2. I read some secondary stuff by Perry Nodelman about picture books--probably not very interesting for me to rehash here, but useful in preparing for teaching. Then, both in and out of class, I "read" several board books. And there's really more going on in most of them than people realize. I also read two different Alice in Wonderland pop-up books. So what could be more fun than that?
3. I think I've given up on We Were the Mulvaneys. Joyce Carol Oates, I'm sorry, but I don't know if I want to deal with it. I have, however, read maybe 250 pages, so I hate to give up now. I'm just not all that into it.
4. Am intermittently reading P.G. Wodehouse. Nice break from "serious" reading.

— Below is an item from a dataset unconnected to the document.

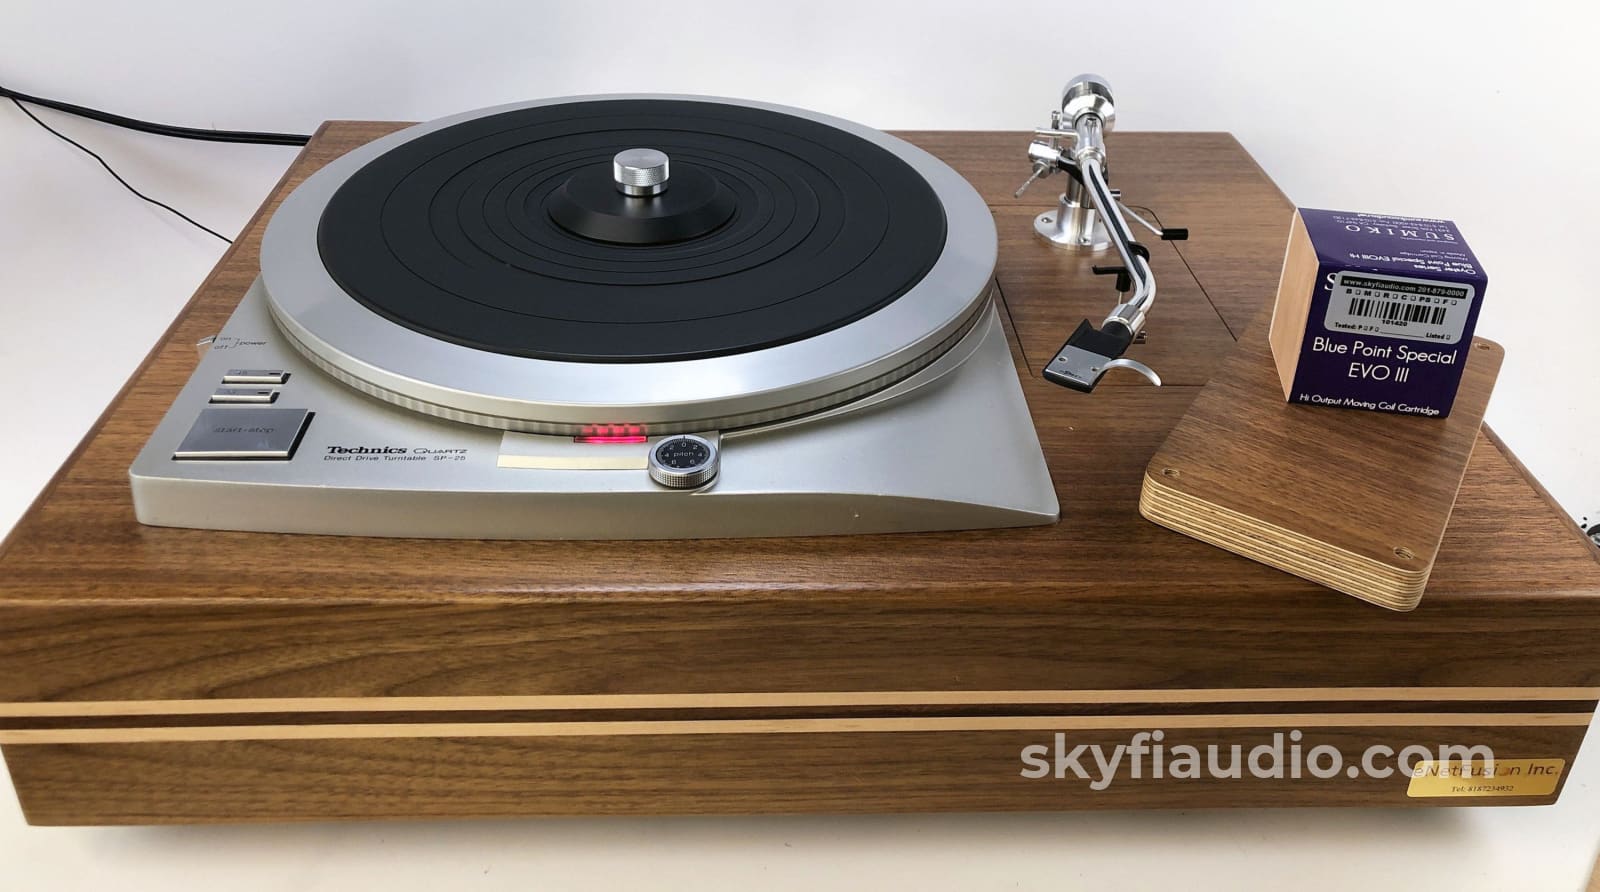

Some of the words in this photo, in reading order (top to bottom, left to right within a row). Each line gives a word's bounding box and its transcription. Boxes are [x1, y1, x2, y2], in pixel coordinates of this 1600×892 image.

5. Most importantly to me, I'm reading C.S. Lewis's Till We Have Faces. I know that I keep telling all of you this. But it's a book that I think everyone should read. It's such an amazing, moving novel. And I'll say more about it in a later post--it deserves its own post. But (and I mean this quite literally) aside from the Bible, this is the single book that has changed my life the most. And it seems important somehow, for a number of reasons, that I revisit it now.
So there's my quick update, not really that I think anyone cares, but this was all what I needed to write.